### ACTIVITY:
Find the lines below that contain "القانون" and tally them. Return only the total.
==*==
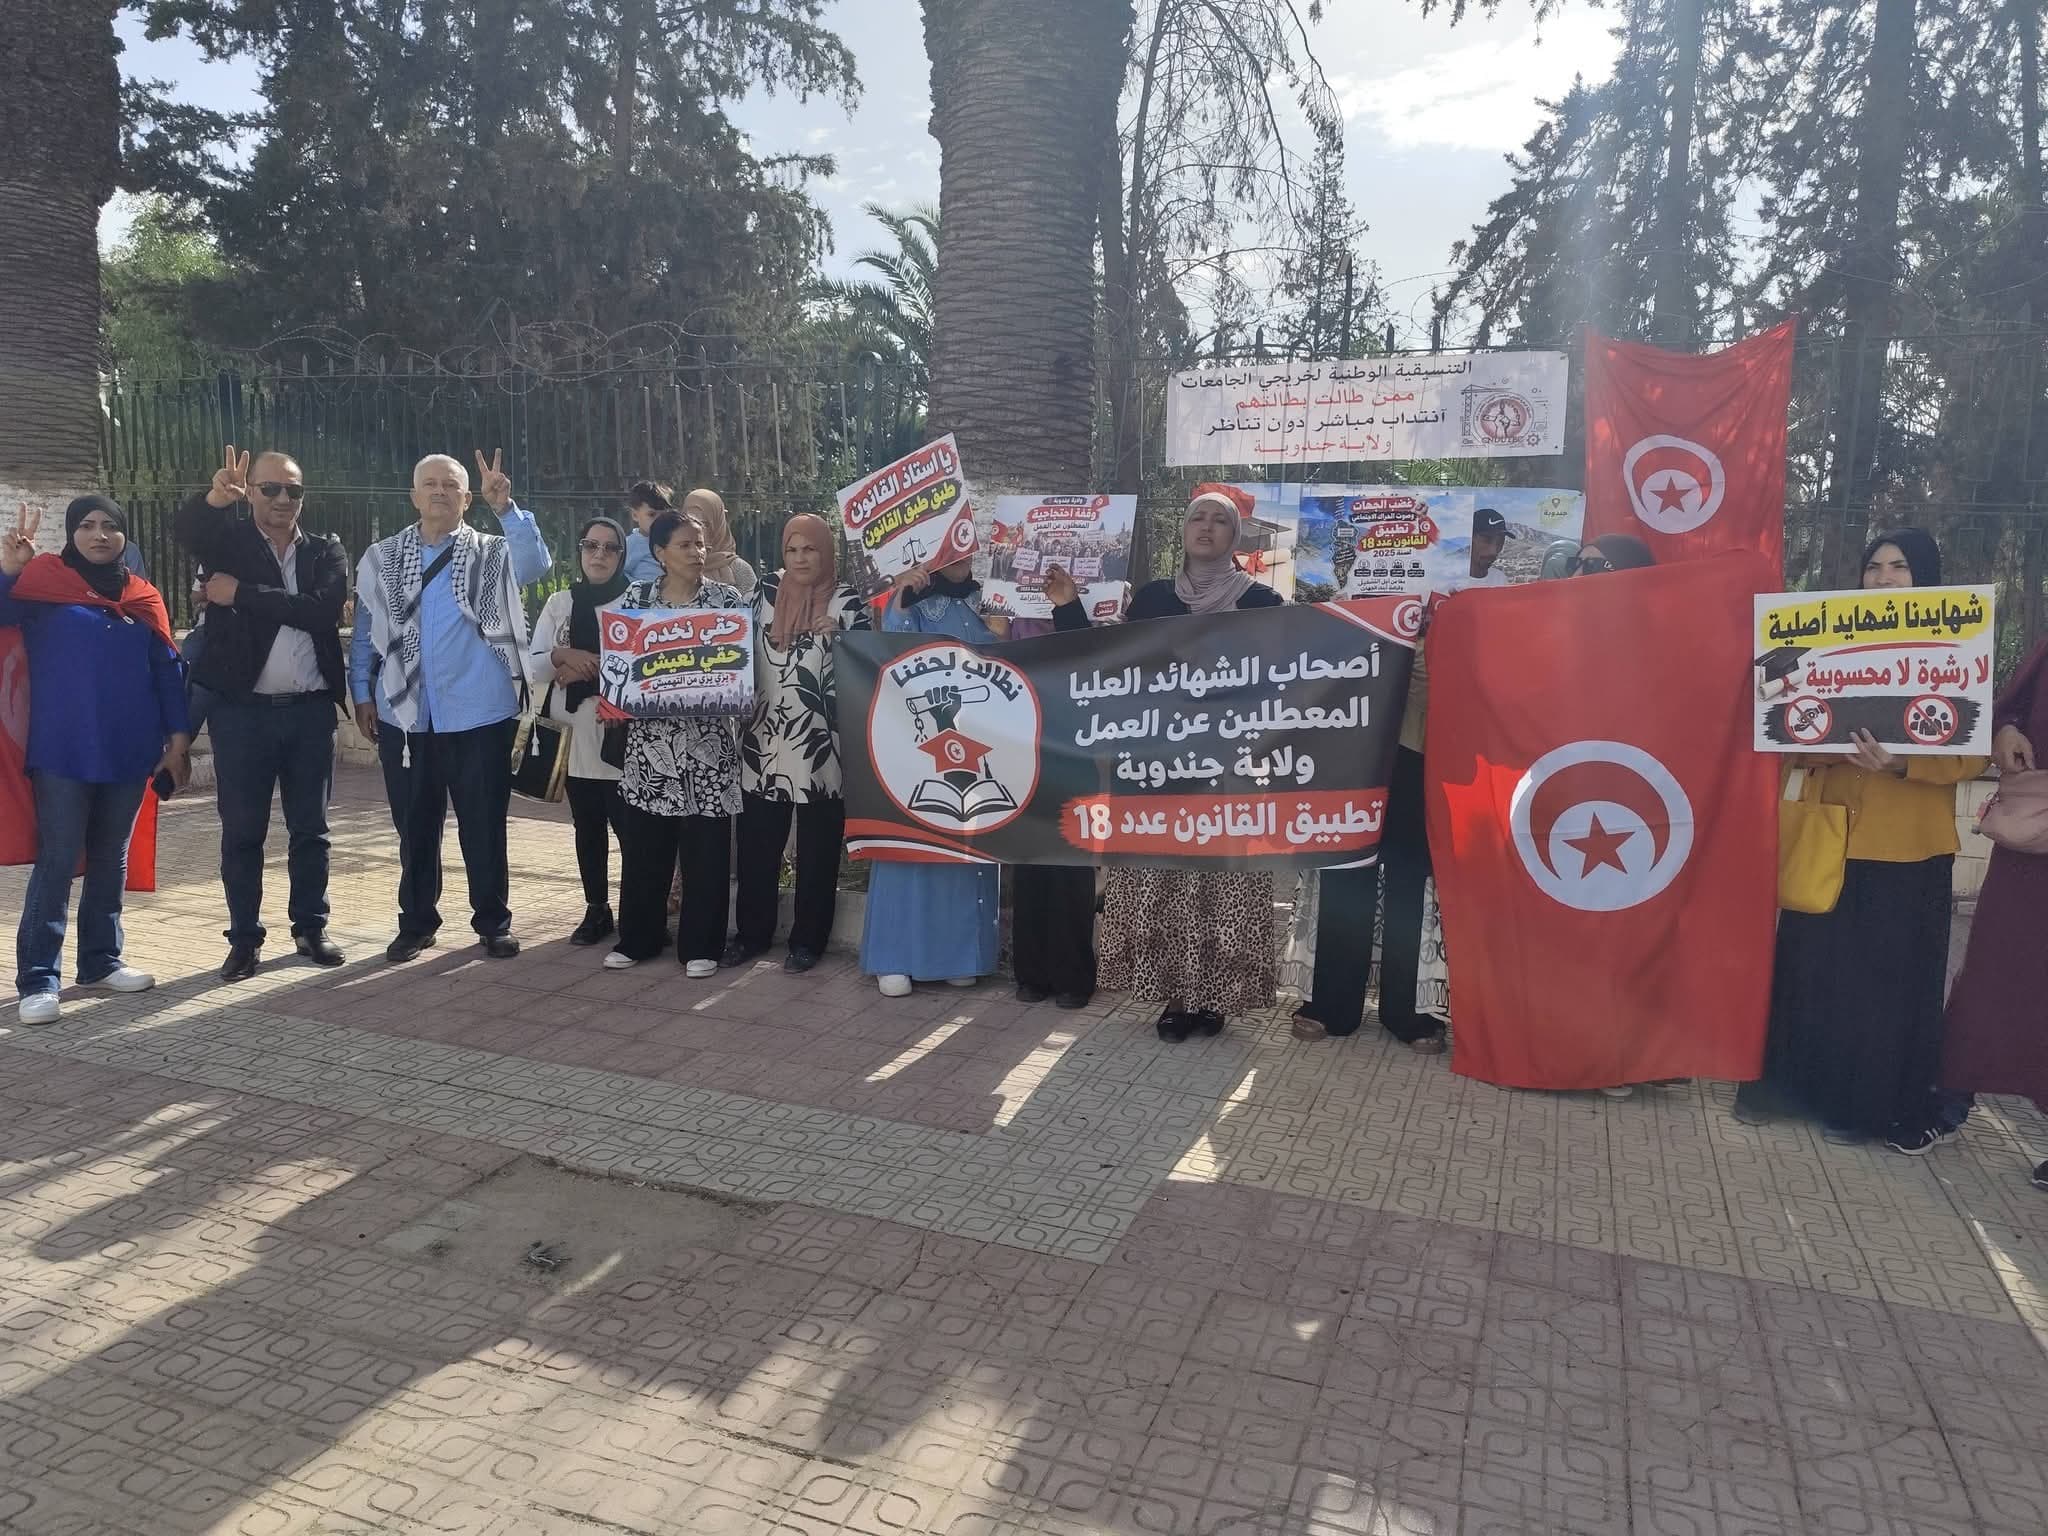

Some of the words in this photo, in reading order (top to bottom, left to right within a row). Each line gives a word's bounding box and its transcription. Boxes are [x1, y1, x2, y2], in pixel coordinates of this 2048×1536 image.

[1181, 373, 1251, 390] الجامعات
[1259, 368, 1321, 391] لخريجي
[1328, 364, 1388, 385] الوطنية
[1395, 360, 1472, 382] التنسيقية
[1235, 390, 1307, 414] بطالتهم
[1314, 387, 1364, 406] طالت
[1371, 391, 1414, 407] ممن
[1204, 417, 1261, 436] تناظر
[1268, 417, 1305, 433] دون
[1313, 413, 1375, 432] مباشر
[938, 447, 953, 474] يا
[851, 471, 901, 524] القانون
[903, 495, 929, 525] طبق
[930, 481, 956, 511] طبق
[1352, 499, 1387, 512] الجهات
[1388, 498, 1414, 512] غضب
[864, 507, 903, 548] القانون
[1031, 507, 1074, 521] احتجاجية
[1033, 522, 1052, 532] العمل
[1075, 508, 1097, 521] وقفة
[1361, 537, 1375, 549] 18
[1375, 523, 1410, 538] تطبيق
[1376, 539, 1393, 547] عدد
[1393, 535, 1428, 548] القانون
[1372, 549, 1396, 558] 2025
[1769, 601, 1828, 646] أصلية
[1832, 600, 1899, 640] شهايد
[1904, 593, 1983, 634] شهايدنا
[643, 620, 695, 651] نخدم
[699, 616, 741, 645] حقي
[641, 648, 695, 677] نعيش
[700, 646, 742, 673] حقي
[1267, 642, 1381, 691] أصحاب
[1897, 654, 1911, 686] لا
[1917, 654, 1970, 692] رشوة
[1974, 654, 1990, 684] لا
[652, 675, 686, 690] التهميش
[686, 676, 697, 685] من
[961, 659, 1023, 702] نطالب
[1069, 666, 1142, 706] العليا
[1147, 655, 1261, 698] الشهائد
[1805, 661, 1892, 694] محسوبية
[1074, 708, 1160, 747] العمل
[1166, 709, 1211, 742] عن
[1217, 694, 1370, 741] المعطلين
[1115, 751, 1225, 789] جندوبة
[1233, 744, 1316, 787] ولاية
[1072, 803, 1113, 841] 18
[1119, 810, 1168, 836] عدد
[1173, 801, 1277, 845] القانون
[1285, 799, 1384, 845] تطبيق
==*==
### ANSWER TO THE PROBLEM:
4